Mineta Transportation Institute Commute Duration Dashboard
The map below, from Center for Neighborhood Technology’s Housing + Transportation Affordability Index, shows the portion of household budgets that households must devote to housing and transportation expenses for various Nashville neighborhoods. The maps can be adjusted to show housing or transportation affordability separately, and different affordability metrics. These maps indicate that central neighborhoods tend to offer the best value, particularly for lower-income families.
CNT Housing + Transportation Affordability Index
UC Berkeley’s Cool Climate Maps shows household's carbon emissions, taking into account emissions from transportation, housing, and consumer goods. The blue area in the center of the map also shows Nashville. It indicates that central neighborhood households produce far lower emissions, less than half, as residents of sprawled, automobile-dependent areas. If you want less pollution, support compact infill development.

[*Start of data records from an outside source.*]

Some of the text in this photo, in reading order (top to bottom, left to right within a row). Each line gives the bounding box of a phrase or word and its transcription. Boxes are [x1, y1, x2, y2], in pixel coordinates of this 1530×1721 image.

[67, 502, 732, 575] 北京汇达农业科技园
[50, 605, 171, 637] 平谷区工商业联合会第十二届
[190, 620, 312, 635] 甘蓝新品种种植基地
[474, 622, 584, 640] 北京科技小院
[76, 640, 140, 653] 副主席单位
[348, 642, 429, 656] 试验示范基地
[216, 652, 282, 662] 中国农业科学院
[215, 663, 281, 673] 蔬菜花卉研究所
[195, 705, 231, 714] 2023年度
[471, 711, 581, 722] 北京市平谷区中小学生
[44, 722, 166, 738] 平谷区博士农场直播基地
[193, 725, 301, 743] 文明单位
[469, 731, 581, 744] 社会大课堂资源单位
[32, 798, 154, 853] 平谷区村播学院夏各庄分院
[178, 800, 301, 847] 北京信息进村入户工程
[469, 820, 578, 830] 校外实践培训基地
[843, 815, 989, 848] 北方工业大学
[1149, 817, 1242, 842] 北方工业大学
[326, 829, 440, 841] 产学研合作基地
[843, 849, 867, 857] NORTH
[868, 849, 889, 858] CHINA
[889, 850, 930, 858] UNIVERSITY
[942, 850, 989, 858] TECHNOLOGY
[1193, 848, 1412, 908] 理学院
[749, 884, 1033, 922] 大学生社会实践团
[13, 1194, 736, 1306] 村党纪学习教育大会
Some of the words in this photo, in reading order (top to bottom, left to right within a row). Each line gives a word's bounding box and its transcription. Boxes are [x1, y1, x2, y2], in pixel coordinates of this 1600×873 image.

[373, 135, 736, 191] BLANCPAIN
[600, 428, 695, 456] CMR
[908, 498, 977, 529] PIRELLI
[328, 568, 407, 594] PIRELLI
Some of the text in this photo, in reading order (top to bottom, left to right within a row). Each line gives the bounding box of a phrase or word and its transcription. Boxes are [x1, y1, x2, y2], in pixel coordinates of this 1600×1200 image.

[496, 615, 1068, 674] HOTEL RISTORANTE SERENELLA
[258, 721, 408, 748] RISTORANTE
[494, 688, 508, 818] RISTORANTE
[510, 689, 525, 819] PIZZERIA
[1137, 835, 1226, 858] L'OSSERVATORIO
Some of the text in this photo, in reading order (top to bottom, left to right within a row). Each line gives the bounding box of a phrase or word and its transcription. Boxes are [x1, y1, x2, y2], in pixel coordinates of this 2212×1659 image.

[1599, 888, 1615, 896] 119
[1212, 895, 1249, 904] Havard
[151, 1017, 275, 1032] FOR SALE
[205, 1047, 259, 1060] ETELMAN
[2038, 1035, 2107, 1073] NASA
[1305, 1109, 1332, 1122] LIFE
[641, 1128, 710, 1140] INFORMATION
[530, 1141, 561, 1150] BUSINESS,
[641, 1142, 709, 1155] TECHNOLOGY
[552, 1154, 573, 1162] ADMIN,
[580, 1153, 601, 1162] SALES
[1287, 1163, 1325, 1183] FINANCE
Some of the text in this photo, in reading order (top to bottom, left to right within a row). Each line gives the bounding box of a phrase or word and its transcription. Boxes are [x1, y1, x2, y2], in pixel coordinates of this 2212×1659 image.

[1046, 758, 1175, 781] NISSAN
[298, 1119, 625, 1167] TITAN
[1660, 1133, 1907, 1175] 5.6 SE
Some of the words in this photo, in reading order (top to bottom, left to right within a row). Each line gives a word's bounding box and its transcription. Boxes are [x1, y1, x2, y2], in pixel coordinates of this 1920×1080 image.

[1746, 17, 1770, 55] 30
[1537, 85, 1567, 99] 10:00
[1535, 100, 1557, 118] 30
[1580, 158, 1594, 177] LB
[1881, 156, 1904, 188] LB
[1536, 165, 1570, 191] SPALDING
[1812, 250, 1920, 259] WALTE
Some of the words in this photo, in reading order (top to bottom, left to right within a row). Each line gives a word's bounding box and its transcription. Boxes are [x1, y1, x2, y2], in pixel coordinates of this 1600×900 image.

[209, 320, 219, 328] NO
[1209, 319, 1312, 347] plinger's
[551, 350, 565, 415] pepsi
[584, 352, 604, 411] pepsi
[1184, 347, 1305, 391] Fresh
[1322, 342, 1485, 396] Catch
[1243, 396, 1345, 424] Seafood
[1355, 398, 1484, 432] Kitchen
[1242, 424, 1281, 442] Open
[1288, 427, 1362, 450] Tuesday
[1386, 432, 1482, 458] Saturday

UC Berkeley Cool Climate Maps
Below is Nashville's Walk Score heatmap. Overall, the city rates poorly, a score of 28 out of 100, but some neighborhoods rate much better. You can find similar maps for Bike Scores and transit access. If you want more healthy and enjoyable exercise, locate in a central, walkable neighborhood.
Walk Score
The U.S. Environmental Protection Agency’s National Walkability Index uses a sophisticated GIS mapping system to shows various metrics related to walking conditions. Once again I show Nashville, and once again central neighborhoods and the centers of small towns, rate far better than automobile-dependent sprawled areas.
U.S. EPA National Walkability Index
The Walking Index is just one of several GIS maps included in the U.S. EPA’s Smart Location Database, which shows various built environment metrics including density, diversity, design, transit quality, and accessibility. The map below shows the number of jobs reachable within a 45-minute transit trip in Nashville. Unsurprisingly, transit access is far better in central neighborhoods than in outlying areas. If you want more independent mobility and economic opportunity for non-drivers, build more affordable housing in central neighborhoods.
The TransitCenter Equity Dashboard shows local public transit performance factors including service intensity, affordability, reliability, access to opportunity, and travel times compared with automobile. Unfortunately, it currently only covers six U.S. urban regions but is expanding. Below is a heatmap showing the portion of jobs accessible by transit in the Los Angeles region.
TransitCenter Equity Dashboard
Although these mapping systems reflect different impacts and perspectives, they all have similar results: more central, multimodal neighborhoods tend to perform much better.
However, heatmapping can be used inappropriately, when information is presented without accounting for all factors. For example, the map below shows Nashville's crime density, crimes per acre or hectare. This implies that central areas are most dangerous, but this does not account for other risk factors. Those central areas tend to have high population densities and lots of commercial activities that generate crimes. For example, bank robberies only occur in commercial centers where banks are located, and bar fights occur primarily in entertainment districts where there are lots of bars. This map does not really demonstrate that crime rates will increase, or that most people will experience more crime risk, by locating in a central neighborhood.
Nashville Crime Density Map
Knowledge is power, and heatmaps provide knowledge in a wonderfully accessible format. I love them, but use with caution! Be sure that you can explain what they illustrate, and be aware of how they may misrepresent key issues.